Never use alcohol or ammonia-based cleaning fluid on your screen. We understand why many people use window cleaner on their monitors, many high-end flat screen computer monitors and HDTV sets have a nice glossy glass screen. The problem, however, is that both ammonia-based cleaners (e.g. window cleaners like Windex) and alcohol-based cleaners (diluted rubbing alcohol or specialty alcohol cleaners sold in electronics stores) can strip anti-reflective coatings off screens, cause clouding, or otherwise damage the screen. Even if you have a glossy glass screen, that screen is most likely coated with things that aren’t as durable and chemically resistant as glass. Don’t risk using using alcohol or ammonia-based cleaning fluids.

Never use paper towels or general purpose cleaning rags. At the risk of sounding like we’re repeating the same caution over and over again–modern displays are very delicate. Paper towels are not designed for cleaning delicate surfaces, they’re designed for wiping up bacon grease and hairballs; the surface of paper towel, on a microscopic level, is fairly abrasive and can lead to buffed spots and scratches on your monitor. In the same league as paper towels are general purpose rags from around the house. 

A single tiny spec of anything abrasive in the rag (e.g. a tiny sliver of metal from the garage or a hitch hiking grain of sand from a beach trip) will wreak complete havoc on your screen. By the time you’ve made a pass or two with the tainted rag, you’ve already left a scratch in the screen.

If you can steadfastly obey these three rules: never spray on the screen itself, never use harsh ammonia/alcohol-based cleaners, and never use paper towels or household rags, you’ll automatically avoid just about every cleaning-related tragedy that could befall an unsuspecting monitor.

 

How to Safely Clean Your Screen


Now that we’ve made you terrified of Windex and rags (as, on behalf of your beautiful widescreen monitor, you should  be), it’s time to get down to the business of properly cleaning your screens.

Before we proceed, it’s worth noting that the best way to clean your screen is to avoid having to clean it in the first place. This means training your kids not to smash their snack-covered hands against the television set in an attempt to high-five Bob the Builder, and training your spouse not to tap on the laptop screen with the pad of their finger to emphasize what they’re trying to show you. 

The less you have to clean your screen the better, and things like skin oil and other stuck-to-the-screen stuff is so much harder to get off than simple things like dust particles. That said, in even the tidiest of households, a little cleaning must occur now and then.

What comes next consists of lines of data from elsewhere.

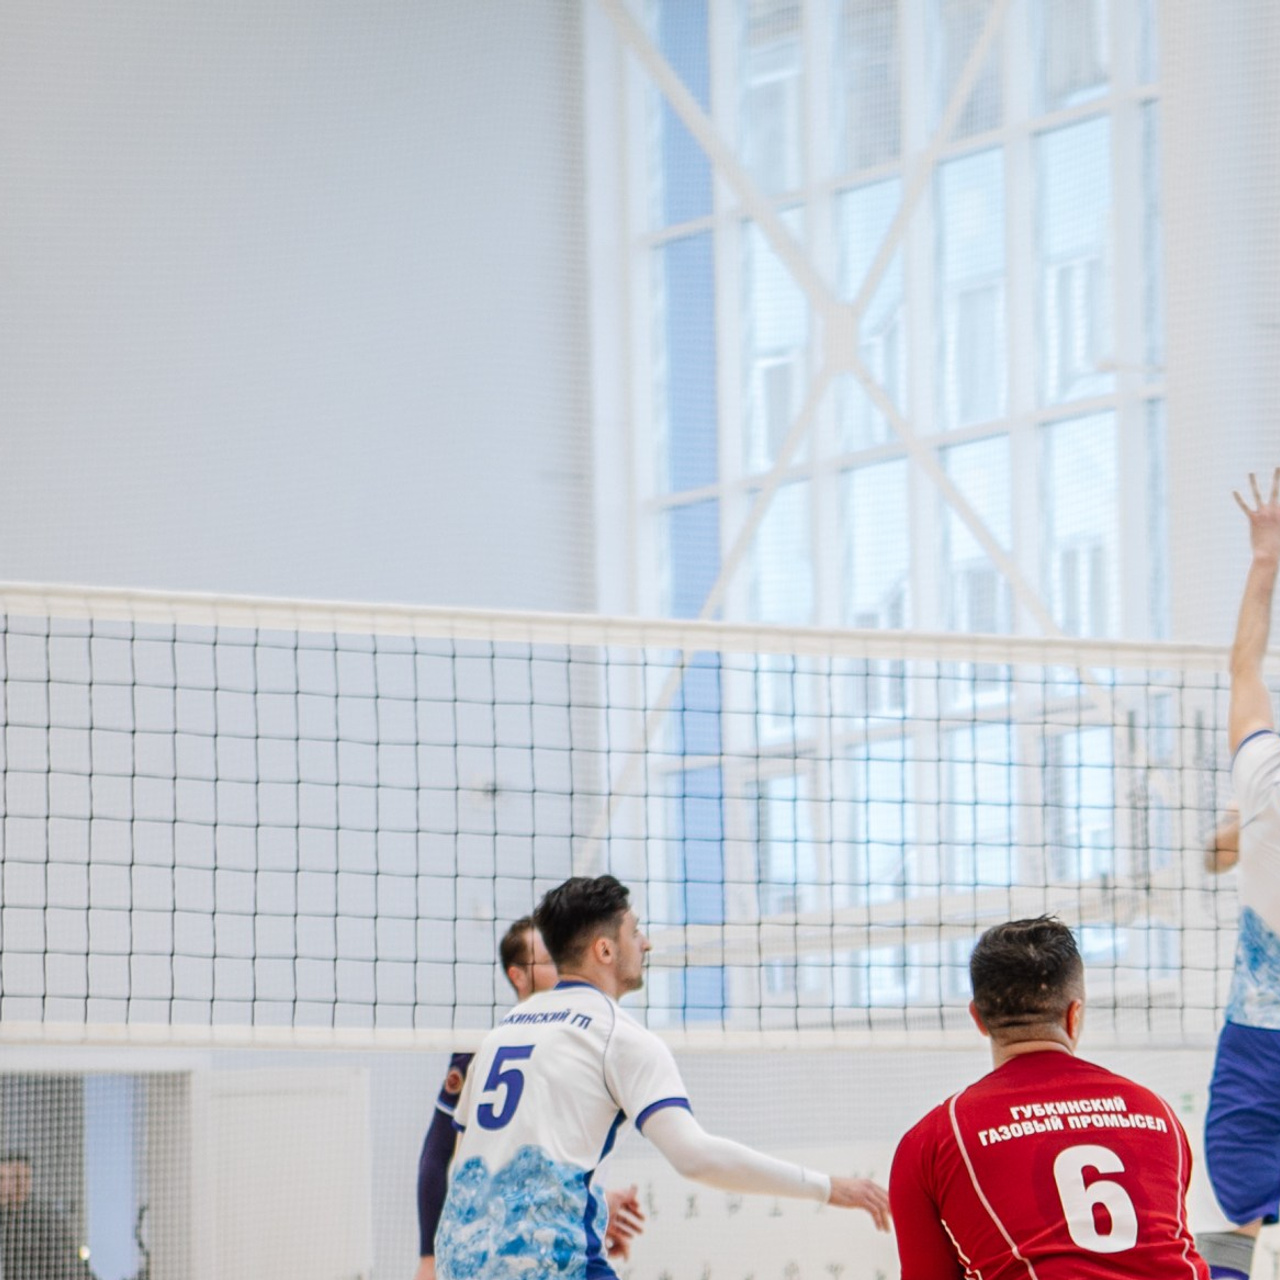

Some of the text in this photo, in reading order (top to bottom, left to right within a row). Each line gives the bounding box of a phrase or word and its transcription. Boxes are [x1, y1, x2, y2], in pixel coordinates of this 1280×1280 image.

[570, 1013, 593, 1030] ГП
[476, 1043, 536, 1132] 5
[1009, 1096, 1128, 1121] ГУБКИНСКИЙ
[977, 1113, 1169, 1147] ГАЗОВЫЙ ПРОМЫСЕЛ
[1053, 1144, 1139, 1254] 6

The following cleaning instructions are meant to be followed in order from start to finish; stop at the step that gets the job done and only proceed if there is still dust or oil on the screen that needs removal.

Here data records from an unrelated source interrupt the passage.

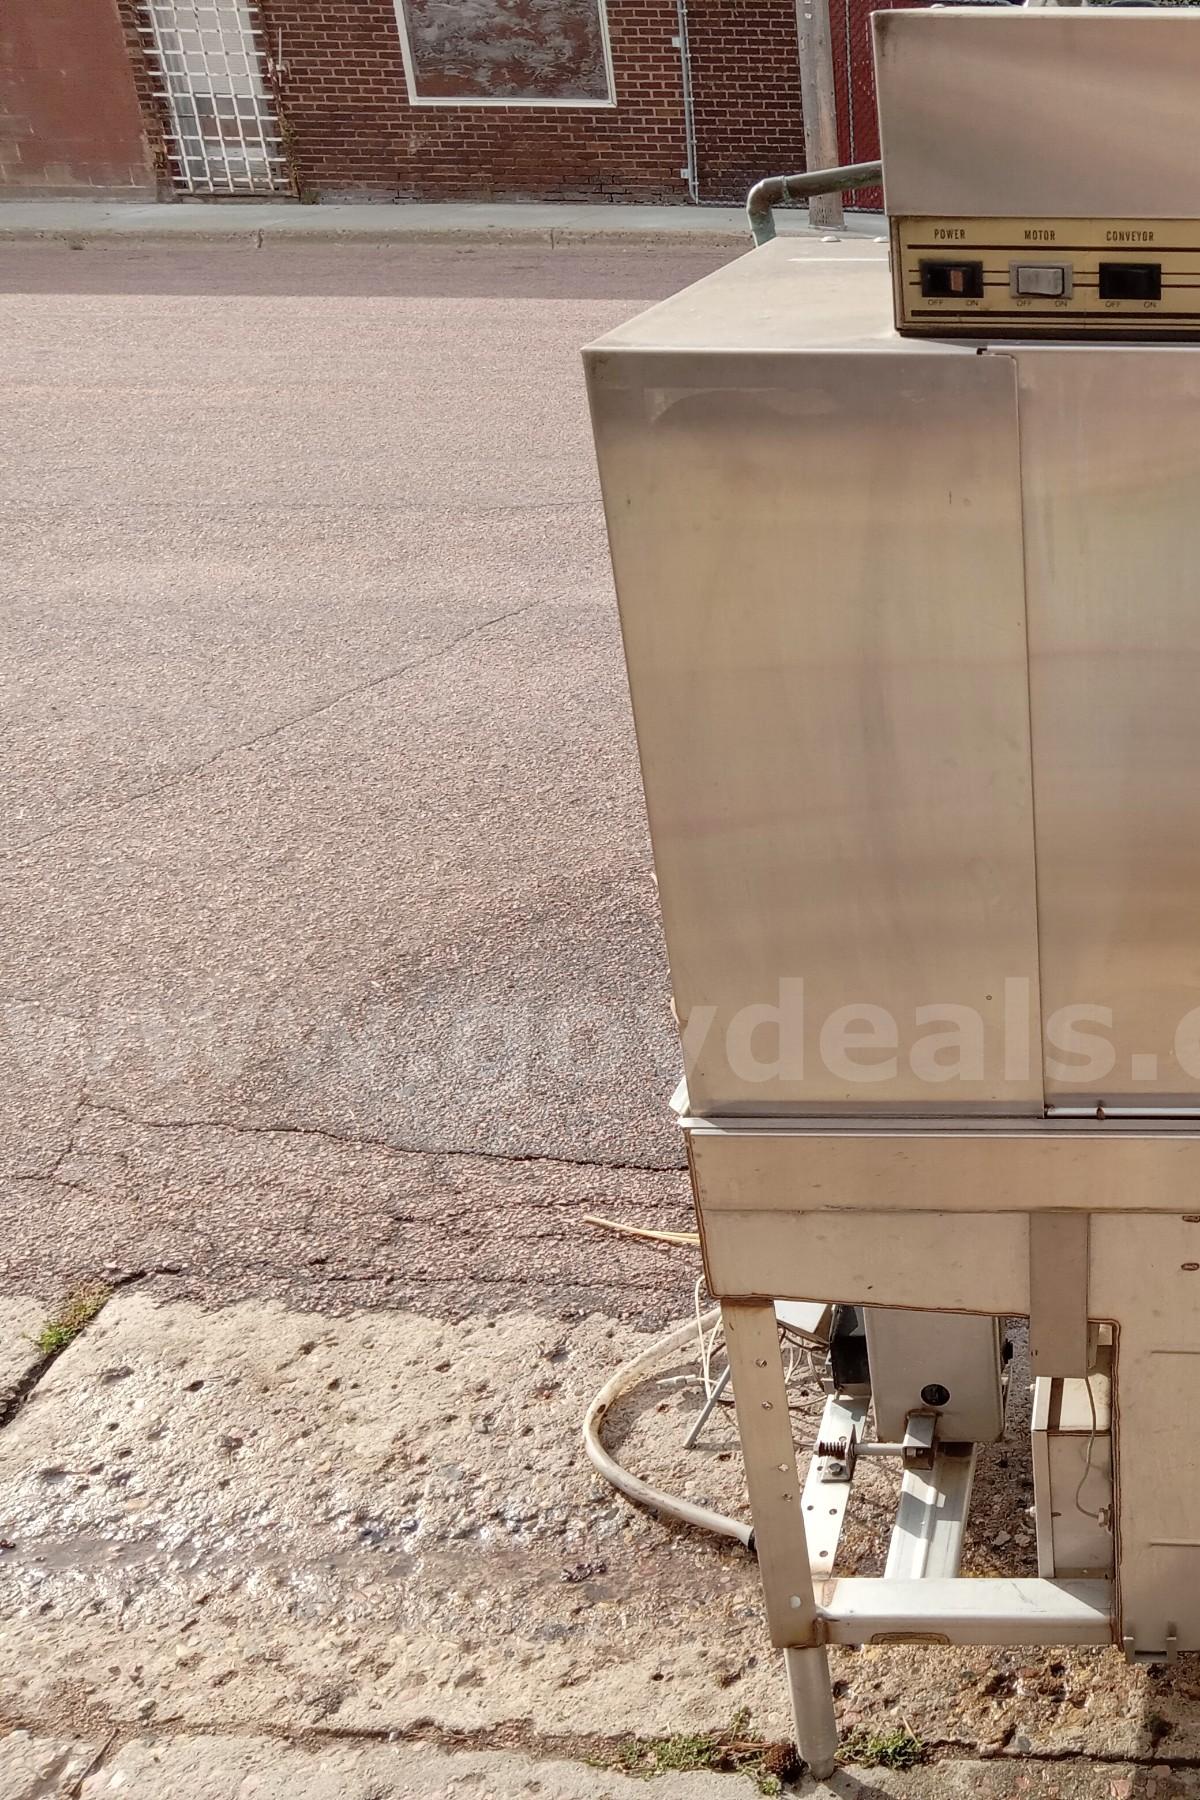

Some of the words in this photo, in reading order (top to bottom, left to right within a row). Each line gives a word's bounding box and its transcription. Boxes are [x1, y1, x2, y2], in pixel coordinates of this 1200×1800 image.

[934, 229, 966, 240] POWER
[1024, 230, 1056, 241] MOTOR
[1106, 231, 1155, 242] CONVEYOR
[966, 299, 979, 307] ON
[1016, 299, 1032, 307] OFF
[1054, 300, 1068, 308] ON
[1105, 300, 1121, 308] OFF
[1143, 301, 1157, 309] ON

Prepare the screen. At minimum turn the device off, but ideally you should unplug it. Do not clean a screen until it is cool to the touch. Cleaning warm/hot screens (like those found on plasma HDTVs) makes them more difficult to clean at best and can damage them at worst.

Dust the screen. Your step in cleaning a screen should always be to remove as much from the screen as possible without actually touching it. To this end a can of compressed air (held upright and at least a foot or more from the screen) can be used to dislodge most electrostatically-adhered dust particles. More ideal than a can of compressed air (which can potentially blast your screen with residual propellant from the can) would be to use a simple rubber dusting bulb (much like the kind we used to clean out a DSLR camera). Remember, the less you touch your screen the better.

Lightly wipe the screen with a dry and clean microfiber cloth. Microfiber is a miracle of modern technology; put it to good use. No paper towels, no kitchen towels, no household rags; only microfiber should touch your screen. For stubborn dust that won’t blow off the screen and the occasional fingerprint, a simple pass with a clean and dry microfiber cloth is  usually sufficient.

When wiping the screen, always avoid making circular “buffing” motions. Clean with a slow and light touch moving in as broad a motion as you can either left to right or up and down across the screen. Although the microfiber should pose little to no risk to the screen, by avoiding cleaning in small circular motions you avoid the risk of creating buffed out spots or whorl marks on the surface of the screen. Light pressure and wide movements are the safest.

Lightly wipe the screen with a microfiber cloth dampened with distilled water. While microfiber is usually quite good at lifting up the dust and oil on its own, if you need some extra cleaning power feel free to slightly dampen the the cloth with distilled water (avoid tap water as it can leave mineral deposits and film on the screen).

Distilled water is available at your local grocer and is commonly used for humidifiers and irons. The cloth should be damp enough that it feels wet to the touch but not so damp that any water could be wrung out of it. Remember: you don’t want a single drop of water running down your screen and getting inside the bezel. 

Lightly wipe the screen with a microfiber cloth dampened with a 50/50 distilled water and white vinegar mixture. For 99% of your everyday dust and finger prints, a damp microfiber cloth will save the day. But let’s say that’s not cutting it because your kid tried to feed Big Bird a piece of peanut butter coated toast through the television set. This is where having an additional cleaning agent to cut through the grime is necessary. Alcohol and ammonia are out, but a mixture of 50% distilled water and 50% white household vinegar is in.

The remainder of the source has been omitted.